Dewan Pemilihan Nasional
Dewan Pemilihan Nasional sekarang memiliki tujuh hari untuk mengadakan pemilihan presiden dan legislatif, yang harus diadakan dalam waktu 90 hari. Mereka yang terpilih akan menyelesaikan masa jabatan Lasso dan anggota parlemen yang digulingkannya, yang telah ditetapkan berakhir pada Mei 2025. Lasso dapat memilih untuk mencalonkan diri dalam pemilihan.
Lasso, seorang mantan bankir, terpilih pada tahun 2021 dan sejak awal berselisih dengan oposisi yang kuat di Majelis Nasional yang beranggotakan 137 orang. Dia membela diri di hadapan Kongres pada hari Selasa, bersikeras tidak ada bukti atau kesaksian tentang kesalahan.
Kekuatan pemerintahan Lasso sekarang terbatas.
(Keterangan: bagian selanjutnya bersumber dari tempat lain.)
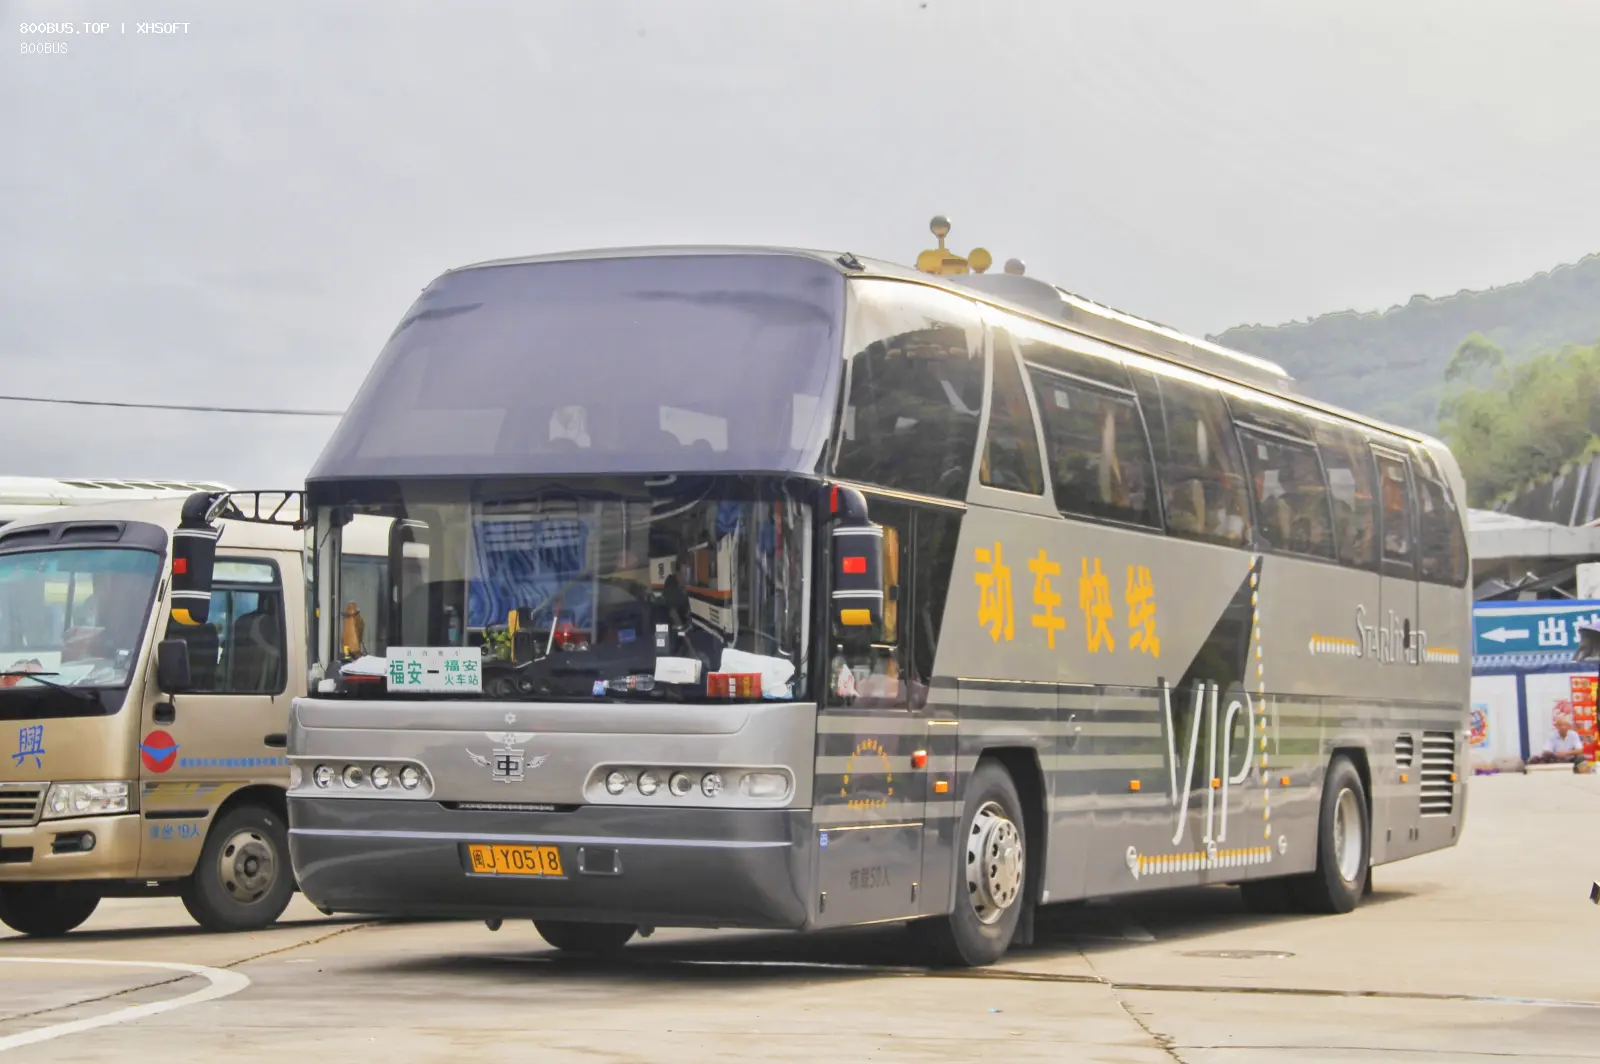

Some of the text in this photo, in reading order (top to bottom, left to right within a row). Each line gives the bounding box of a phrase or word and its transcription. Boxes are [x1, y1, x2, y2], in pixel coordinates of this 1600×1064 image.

[974, 541, 1160, 659] 动车快线
[389, 660, 422, 685] 福安
[444, 660, 478, 672] 福安
[444, 673, 479, 686] 火车站
[11, 724, 46, 769] 興
[1163, 681, 1255, 846] VIP
Pengacara konstitusi Ismael Quintana menjelaskan bahwa presiden hanya dapat menangani masalah ekonomi dan administrasi, dan Mahkamah Konstitusi harus menyetujui keputusannya.
Setelah Lasso mengumumkan keputusannya pada hari Rabu, kepala Komando Gabungan Angkatan Bersenjata. Jenderal Nelson Proaño, meminta warga Ekuador untuk tetap menghormati hukum dan memperingatkan agar tidak merusak tatanan konstitusional melalui kekerasan.
Jika kekerasan meletus, angkatan bersenjata dan polisi akan bertindak tegas, katanya.
Lasso
Langkah Lasso dengan cepat menimbulkan kritik dari Konfederasi Nasionalitas Pribumi yang kuat. Yang dalam beberapa tahun terakhir telah melakukan protes yang hampir melumpuhkan negara. Pemimpinnya, Leonidas Iza Salazar, mengatakan Lasso “meluncurkan kudeta sendiri yang pengecut dengan bantuan polisi dan angkatan bersenjata. Tanpa dukungan warga” saat dia menghadapi “pemecatan yang akan segera terjadi”.
Will Freeman, rekan untuk studi Amerika Latin di Dewan Hubungan Luar Negeri. Mengatakan keputusan Lasso menandakan bahwa “dia sadar oposisi memiliki cukup suara untuk memakzulkannya, dan mungkin beberapa.” Dia mengatakan protes massal kemungkinan besar terjadi dalam beberapa hari mendatang.
“Sulit juga membayangkan Lasso membuat langkah ini tanpa dukungan diam-diam dari petinggi militer,” katanya. “Di masa lalu, protes cenderung berubah menjadi destruktif dengan cepat – dan pasukan keamanan juga menindak.”
Penulis Associated Press Regina Garcia Cano melaporkan dari Mexico City.